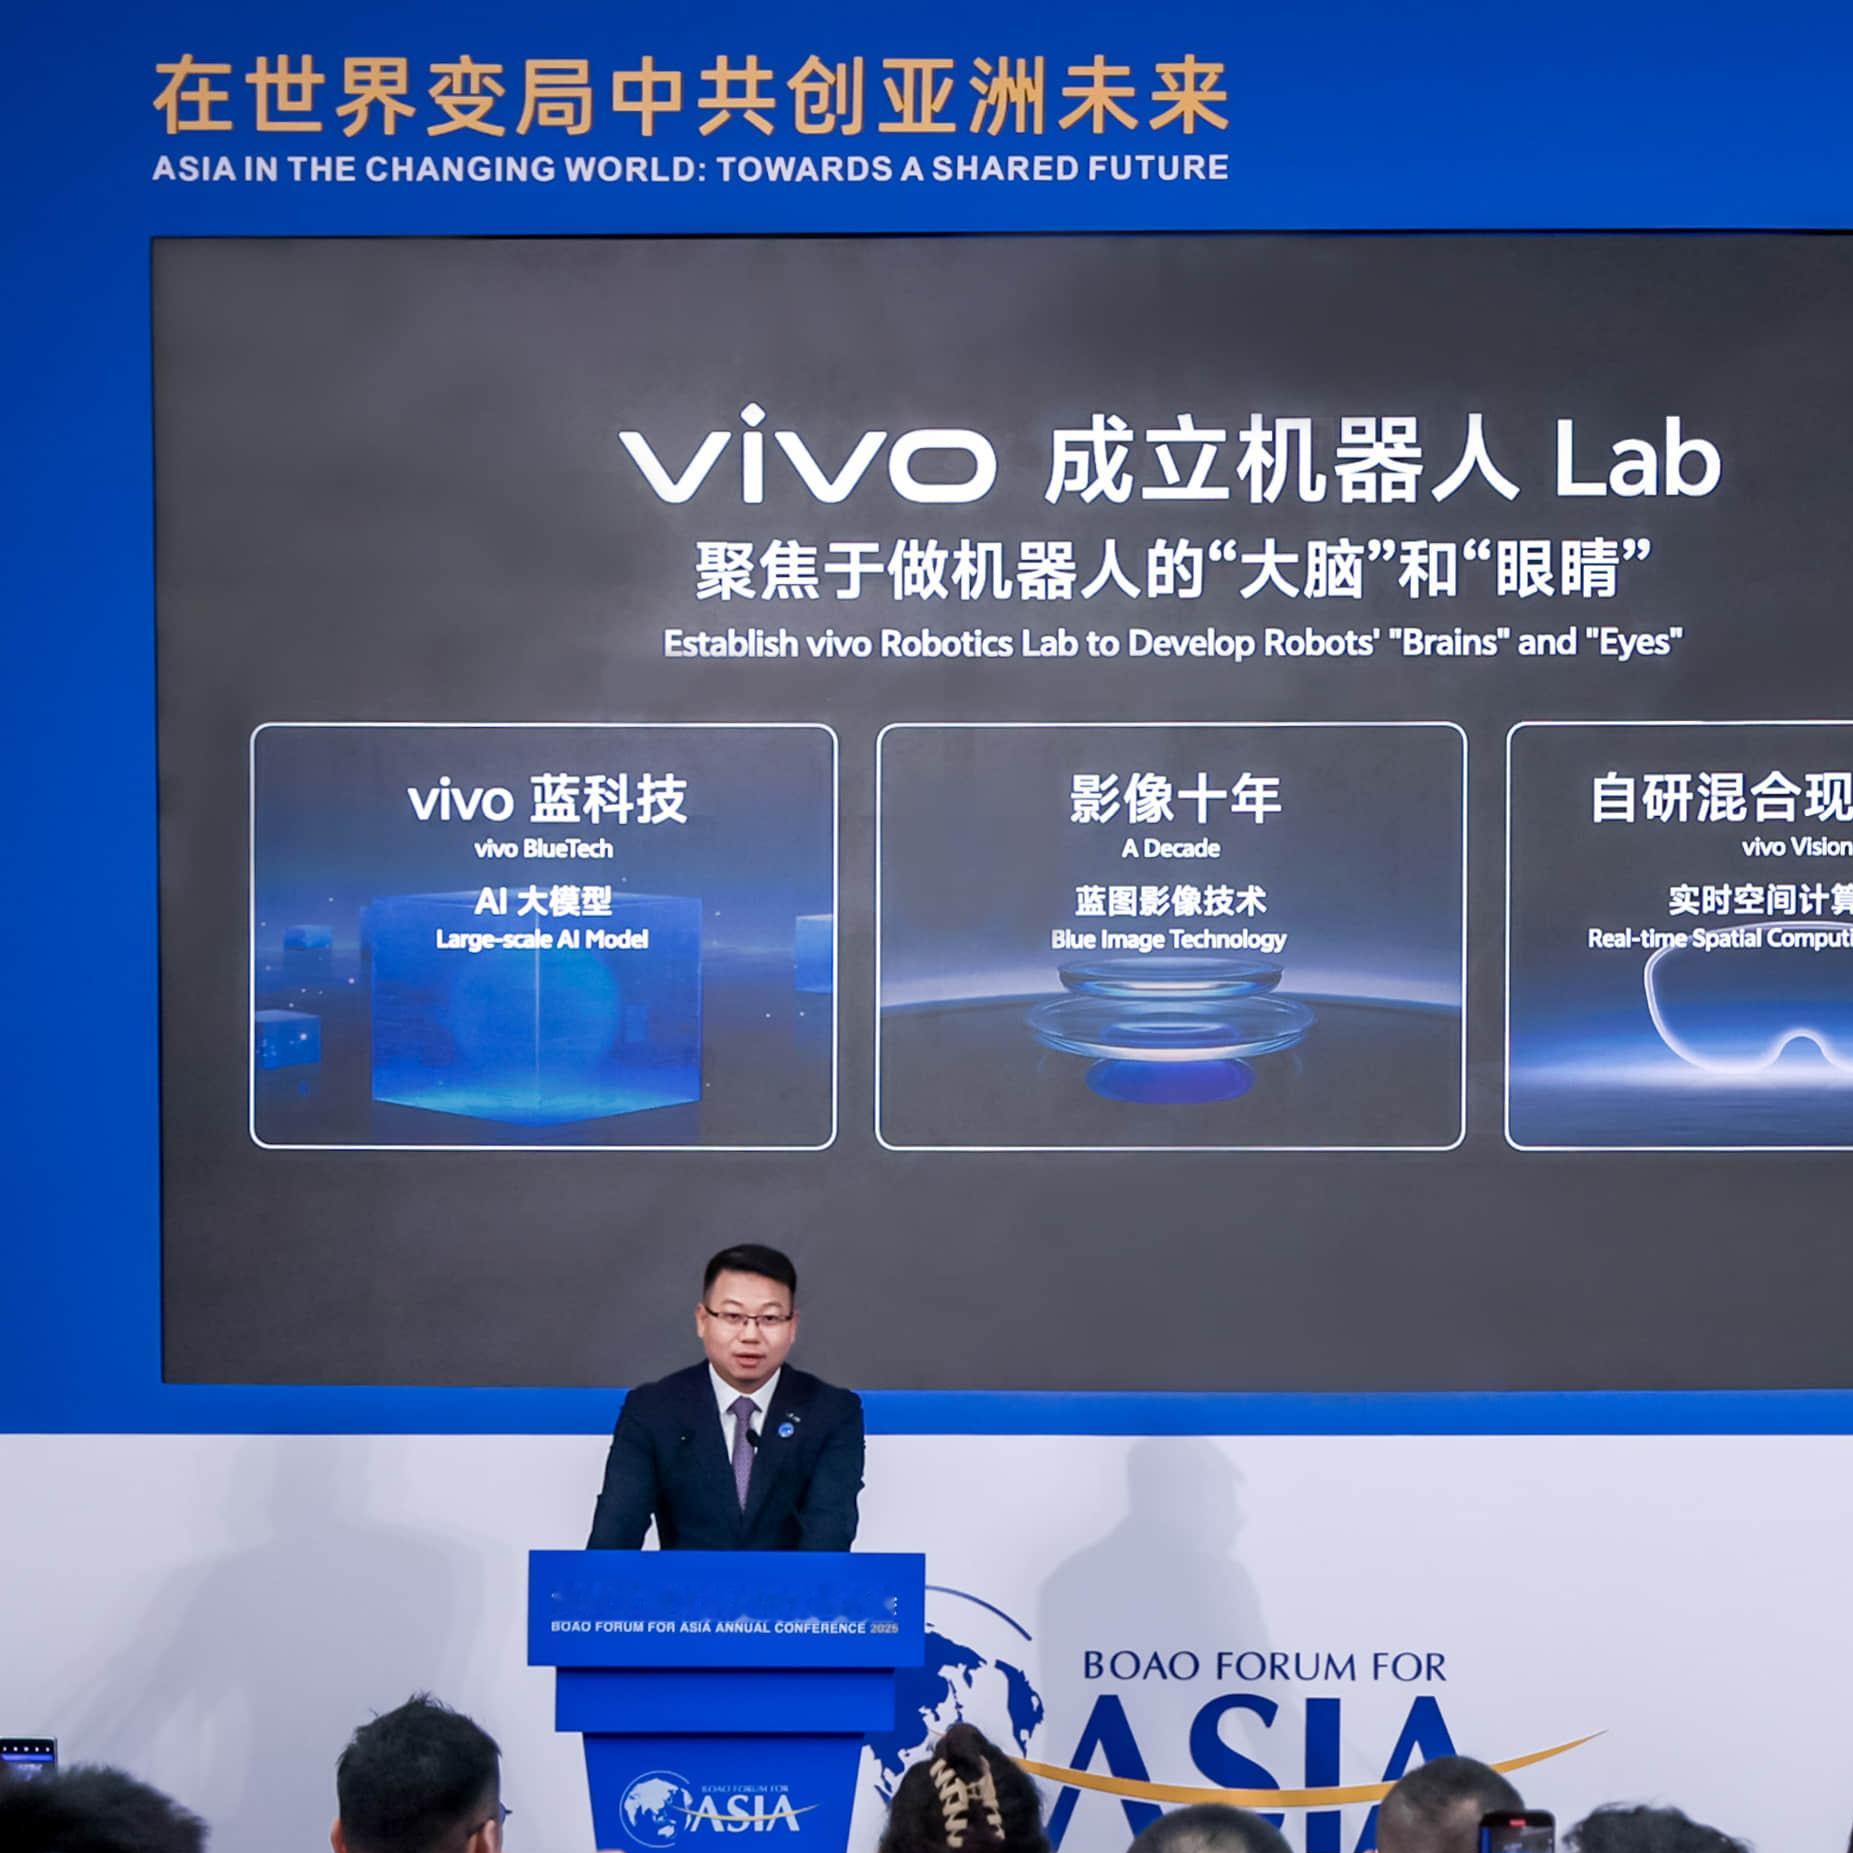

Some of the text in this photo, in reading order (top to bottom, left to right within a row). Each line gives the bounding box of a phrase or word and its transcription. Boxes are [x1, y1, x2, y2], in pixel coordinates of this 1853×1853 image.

[154, 54, 1228, 136] 在世界变局中共创亚洲未来
[153, 155, 1228, 181] ASIA IN THE CHANGING WORLD: TOWARDS A SHARED FUTURE
[619, 403, 1721, 504] vivo 成立机器人 Lab
[664, 627, 1683, 663] Establish vivo Robotics Lab to Develop Robots' "Brains" and "Eyes"
[407, 773, 688, 825] vivo 蓝科技
[1070, 773, 1282, 824] 影像十年
[474, 838, 614, 859] vivo BlueTech
[1121, 838, 1221, 858] A Decade
[1741, 836, 1853, 857] vivo Vision
[474, 885, 613, 917] AI 大模型
[1074, 884, 1267, 917] 蓝图影像技术
[436, 928, 649, 953] Large-scale AI Model
[1052, 929, 1287, 953] Blue Image Technology
[1588, 928, 1688, 949] Real-time
[1693, 928, 1762, 953] Spatial
[551, 1621, 591, 1633] BOAO
[595, 1621, 644, 1633] FORUM
[647, 1621, 676, 1633] FOR
[680, 1621, 711, 1634] ASIA
[715, 1621, 770, 1634] ANNUAL
[774, 1622, 866, 1634] CONFERENCE
[1084, 1651, 1446, 1682] BOAO FORUM FOR
[690, 1794, 800, 1833] ASIA

▶ _What this task involves_:
Print each entry above exactly. The pictures should not be printed.

▶ _Response to the task_:
Some of the text in this photo, in reading order (top to bottom, left to right within a row). Each line gives the bounding box of a phrase or word and its transcription. Boxes are [x1, y1, x2, y2], in pixel coordinates of this 1853×1853 image.

[154, 54, 1228, 136] 在世界变局中共创亚洲未来
[153, 155, 1228, 181] ASIA IN THE CHANGING WORLD: TOWARDS A SHARED FUTURE
[619, 403, 1721, 504] vivo 成立机器人 Lab
[664, 627, 1683, 663] Establish vivo Robotics Lab to Develop Robots' "Brains" and "Eyes"
[407, 773, 688, 825] vivo 蓝科技
[1070, 773, 1282, 824] 影像十年
[474, 838, 614, 859] vivo BlueTech
[1121, 838, 1221, 858] A Decade
[1741, 836, 1853, 857] vivo Vision
[474, 885, 613, 917] AI 大模型
[1074, 884, 1267, 917] 蓝图影像技术
[436, 928, 649, 953] Large-scale AI Model
[1052, 929, 1287, 953] Blue Image Technology
[1588, 928, 1688, 949] Real-time
[1693, 928, 1762, 953] Spatial
[551, 1621, 591, 1633] BOAO
[595, 1621, 644, 1633] FORUM
[647, 1621, 676, 1633] FOR
[680, 1621, 711, 1634] ASIA
[715, 1621, 770, 1634] ANNUAL
[774, 1622, 866, 1634] CONFERENCE
[1084, 1651, 1446, 1682] BOAO FORUM FOR
[690, 1794, 800, 1833] ASIA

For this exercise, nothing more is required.